18 de fevereiro de 2021

Com só 10 países recebendo 75% das vacinas, fracasso moral vem em elevadas doses

Enquanto fazem discursos humanistas pelos salões virtuais da diplomacia, governos colocam limites às exportações de imunizantes contra a covid-19. E se eles estivessem do outro lado da fronteira?

Jamil Chade, El País Brasil, 17 de fevereiro de 2021

Na semana passada, as Bolsas de valores de todo o mundo foram informadas que, em 2020, a empresa AstraZeneca obteve um faturamento de 27 bilhões de dólares e dobrou seu lucro em comparação ao ano de 2019. Há poucos dias, pelos jornais financeiros, a constatação era de que a Pfizer previa que as vendas com sua vacina contra a covid-19 gerariam uma receita de 15 bilhões de dólares.

Pelas redes sociais, proliferam selfies de famílias sinceramente felizes e emocionadas que brindam a chegada da vacina aos braços de avós e avôs repletos de planos. O abraço tão humano que nos fez falta durante meses parece cada vez mais próximo. O abraço que, na falta de palavras,

 

Esse abraço, porém, corre o risco de ser um privilégio de apenas uma porção da humanidade. Basta um mergulho nos números de distribuição das vacinas para entender que a ideia de um planeta comum é ainda um sonho distante de uma utopia necessária. 

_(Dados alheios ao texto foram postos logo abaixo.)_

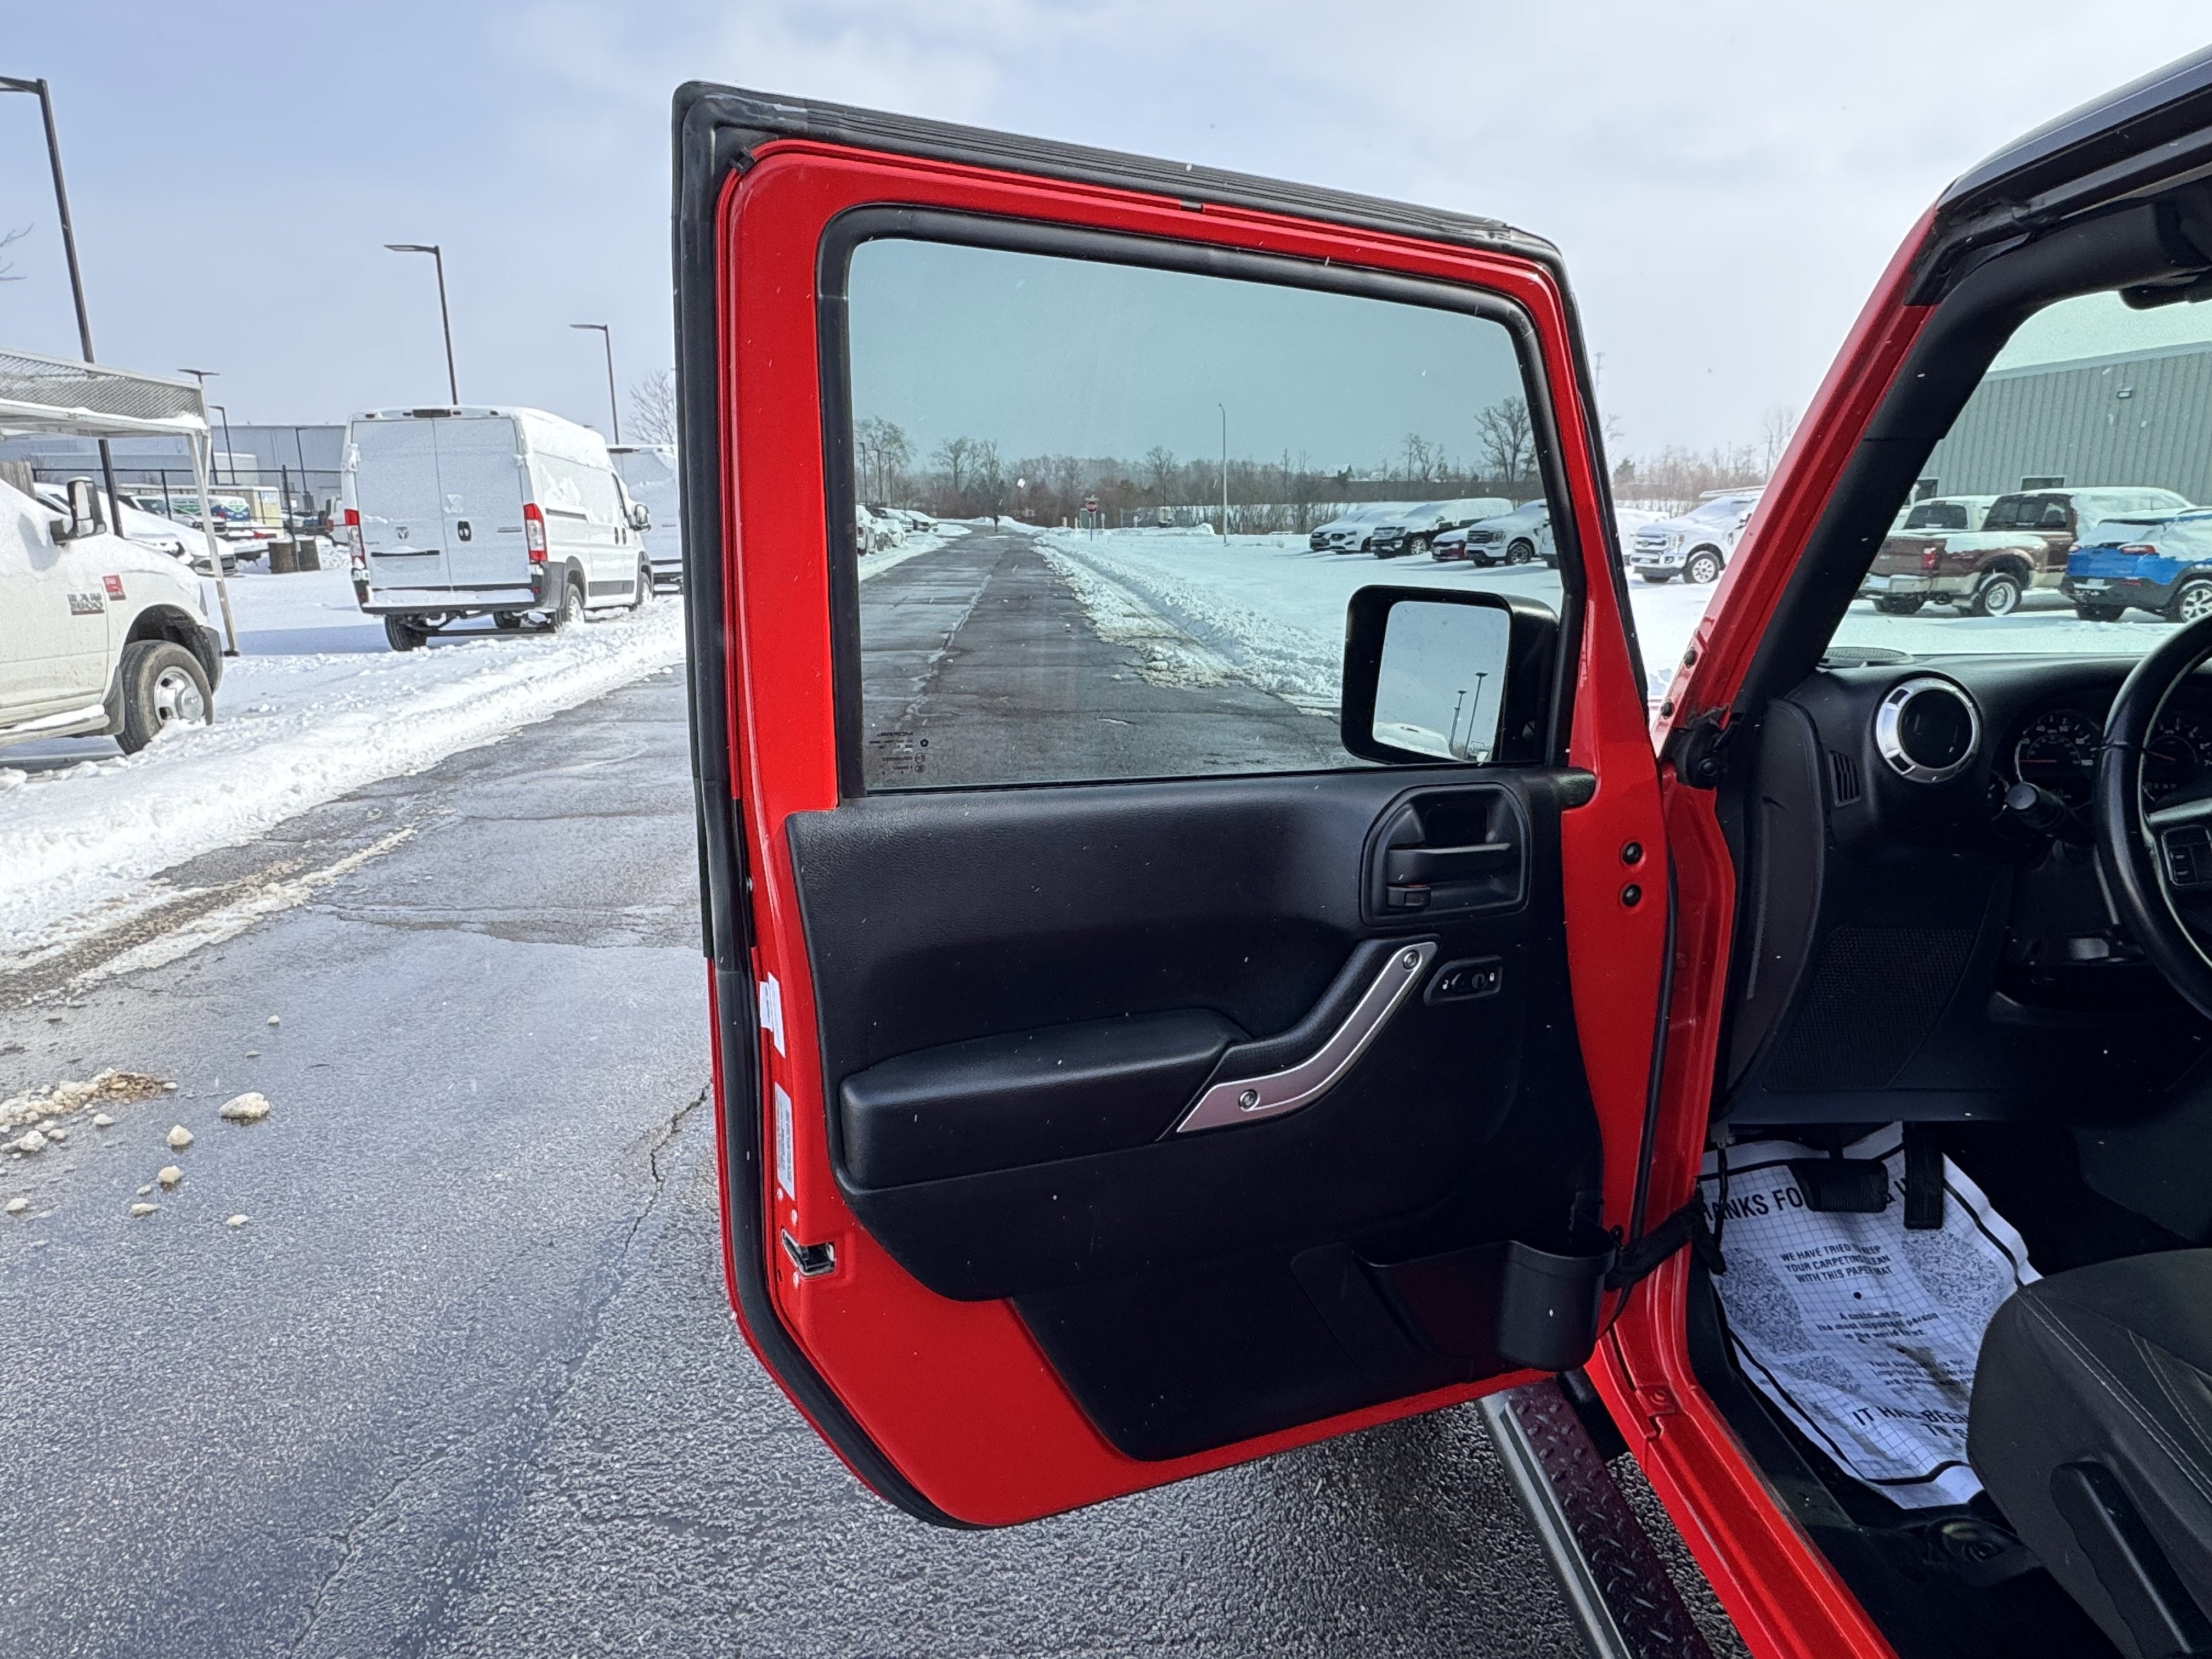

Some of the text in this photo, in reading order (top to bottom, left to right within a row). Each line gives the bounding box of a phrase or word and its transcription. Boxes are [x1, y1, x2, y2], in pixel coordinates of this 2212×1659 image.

Um total de 181 milhões de doses da vacina já foi distribuído pelo mundo. Uma conquista, sem dúvida. Pela primeira vez na história, o desenvolvimento de uma vacina foi realizado enquanto entidades internacionais erguiam um mecanismo para garantir que erros do passado não fossem repetidos. Ou seja: que a inovação e que a ciência pudessem chegar a todos. E não a uma minoria no planeta. 

Nos bastidores, especialistas e representantes de governos mais pobres arregaçaram as mangas para preparar a distribuição nesses locais onde falta energia elétrica, estradas e água. Tudo isso aconteceu. 

Mas ficou faltando algo fundamental: solidariedade, limitada a discursos diplomáticos e fechada em cofres acumulados em armazéns em poucos países do mundo.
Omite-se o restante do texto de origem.